Kimi Räikkönen em 2007 – Flash

5 02 2022

Já tinha havido um abandono da Fórmula 1 de Kimi Räikkönen antes, mas havia uma expectativa de um regresso futuro (que se confirmou) do finlandês. Com 42 anos neste abandono, fica claro que já teremos assistido no passado mês de Dezembro ao último Grande Prémio de Räikkönen na principal categoria do automobilismo, aparentemente sem que o piloto tenha demonstrado desejo de prosseguir para outro futuro que não o de vida pacata.

Afastado dos lugares cimeiros da grelha nos 3 anos mais recentes, Räikkönen deixa para trás um legado para além do seu título mundial ao serviço da Ferrari (à data, o último conquistado pela Scuderia) que inclui uma imagem de antipatia por vezes justificada (e muitas vezes cultivada pelo próprio), de adorador do automobilismo na sua forma mais pura e de muita velocidade.

Ser objetivo no que toca a Räikkönen é-me impossível. Comecei a seguir Fórmula 1 “a sério” (vendo todas as corridas) em 2005, o primeiro ano em que Michael Schumacher deixou de ser campeão, por isso a lógica ditaria que fosse fã de Fernando Alonso. Mas as minhas memórias da época vão sempre para o carro prateado da McLaren, com o qual Kimi venceu magistralmente no GP do Mónaco. O título ficaria com Alonso mas as minhas memórias do MP4-20, rápido e frágil em quantidades extremas, capaz de vitórias e de falhas de motor em igual proporção, ficou para sempre na memória.

Felizmente para Räikkönen, o desejado título não ficou por conquistar. O percurso de carreira do finlandês após a conquista foi ainda mais interessante que aquele que percorrera para atingir o título. Uma boa dose de obstinação levou-o a permanecer num monolugar até bem mais tarde que vários dos seus contemporâneos (com a exceção de Alonso), com velocidade suficiente para não se ver em maus lençóis contra os seus mais recentes adversários.

Estreia antecipada e promoção imediata

À semelhança de vários outros pilotos, Kimi Räikkönen começou a competir no karting desde os 10 anos de idade. Aquilo que o distinguiu destes foi a quantidade risivelmente minúscula de corridas em monolugares que disputou até à estreia na Fórmula 1. Räikkönen participara em 4 corridas do campeonato de Inverno da Fórmula Renault Britânica em 1999 e vencera as 4. No ano seguinte participou em 10 no campeonato inteiro com a Manor, triunfou em 7 e sagrou-se campeão. Também na Fórmula Renault 2000 Eurocup também fez o pleno nas 2 provas em que participou.
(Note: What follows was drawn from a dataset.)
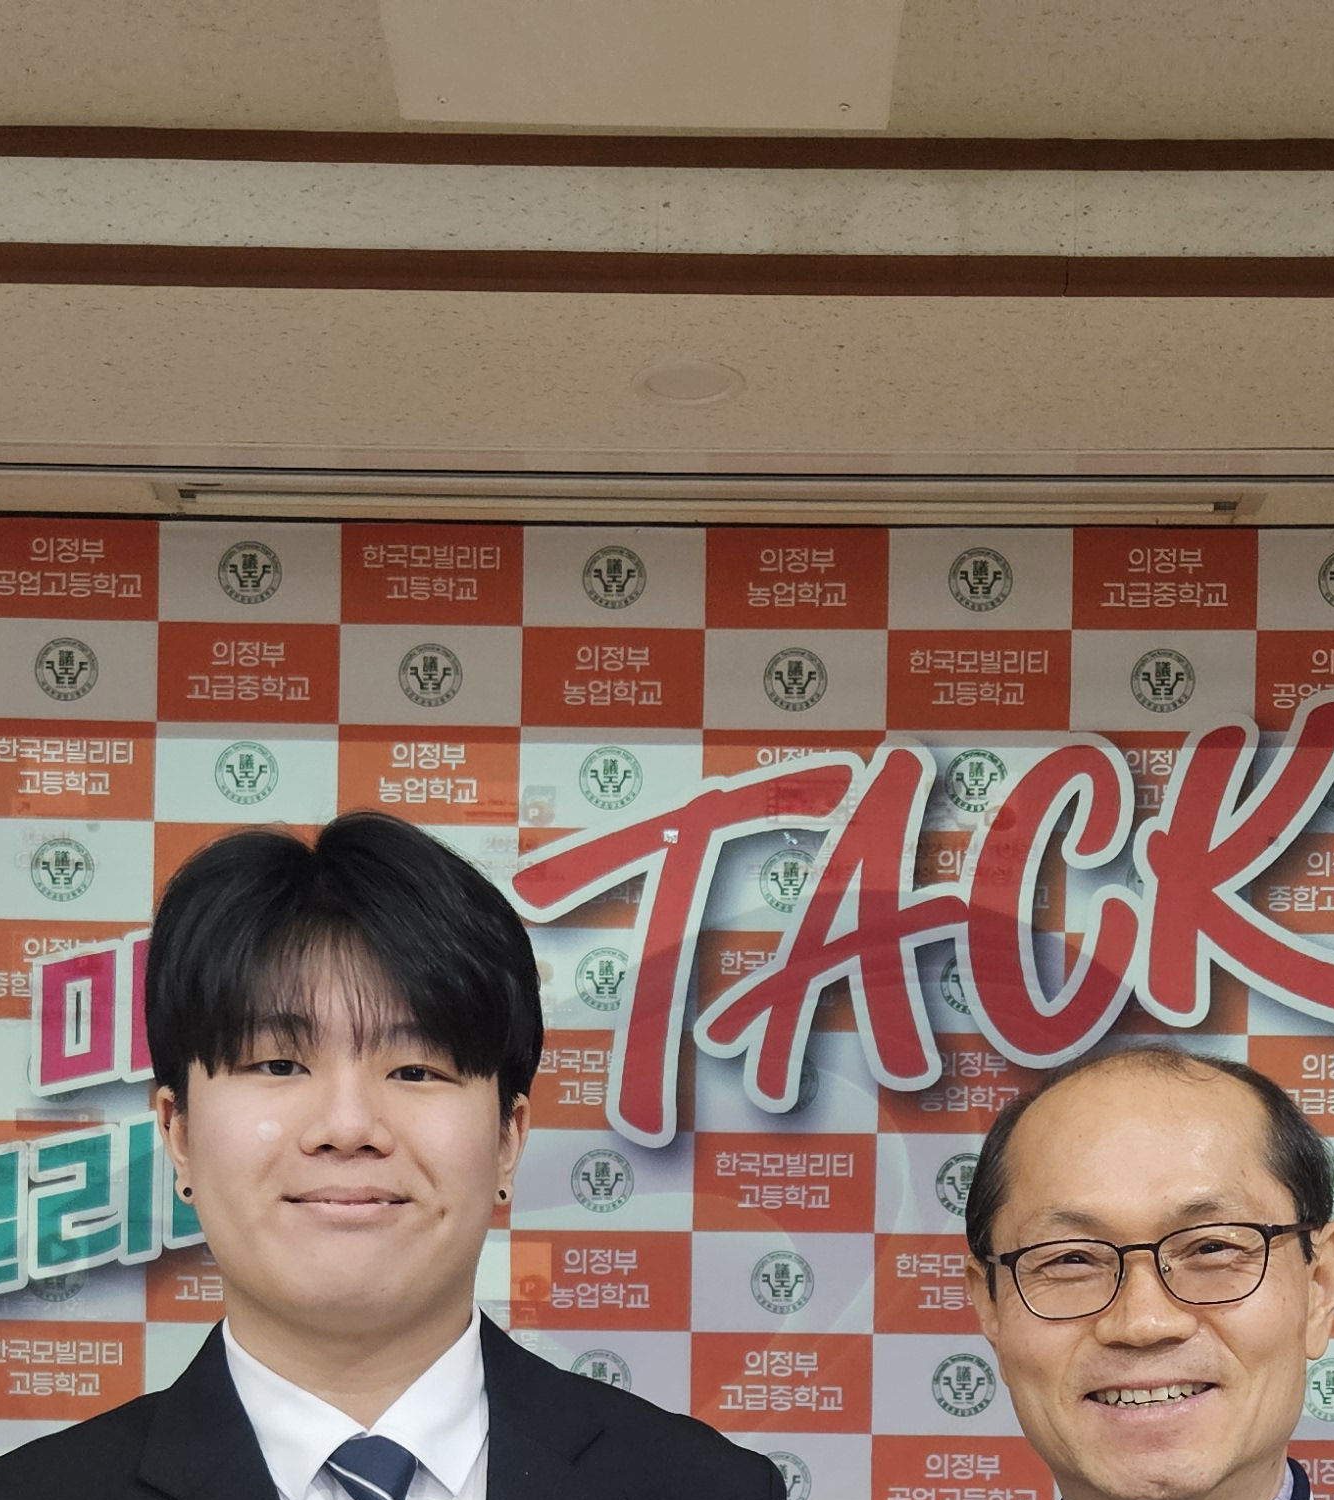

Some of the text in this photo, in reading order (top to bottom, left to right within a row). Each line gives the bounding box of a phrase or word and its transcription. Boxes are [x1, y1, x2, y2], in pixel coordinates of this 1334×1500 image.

Estas demonstrações de velocidade e um teste em que terá andado meio segundo mais rápido que um dos seus pilotos oficiais, levou Peter Sauber da equipa Sauber de F1 a batalhar por conseguir dar ao finlandês uma superlicença para que este fosse seu piloto em 2001. A FIA hesitou, incerta sobre se Räikkönen estaria preparado para saltar para um monolugar muito mais poderoso. A superlicença apenas veio condicionalmente: se o piloto mostrasse estar mal-prepaparado seria revogada.

Sauber aceitou. Tinha boas razões para o fazer. As proezas de Räikkönen, como ter levantado o kart à mão no Mónaco depois de um acidente e continuado até ao 3º lugar ou ainda ter demonstrado à sua equipa que tinha um volante partido ao acenar com ele na mão enquanto acelerava na reta. Na primeira prova do ano, na Austrália, Räikkönen completou uma pontuação dupla da Sauber ao terminar num impressionante 6º lugar.

Foi um excelente ano para a Sauber. Kimi fazia dupla com um jovem alemão apoiado pela McLaren / Mercedes, Nick Heidfeld, e a equipa tinha no C20 um carro em que podia confiar. Heidfeld conseguiu 12 pontos e um pódio, enquanto que Räikkönen fez 9 pontos. Quando no final do ano Mika Häkkinen, compatriota de Kimi e bi-campeão mundial, anunciou que abandonaria a F1 fazia mais sentido assinar Heidfeld (até pelas ligações Mercedes). Mas Ron Dennis, líder da equipa, optou por apostar em Räikkönen com as palavras de conselho de Häkkinen em mente: if you want to win, sign a Finn (“se queres vencer contrata um finlandês”).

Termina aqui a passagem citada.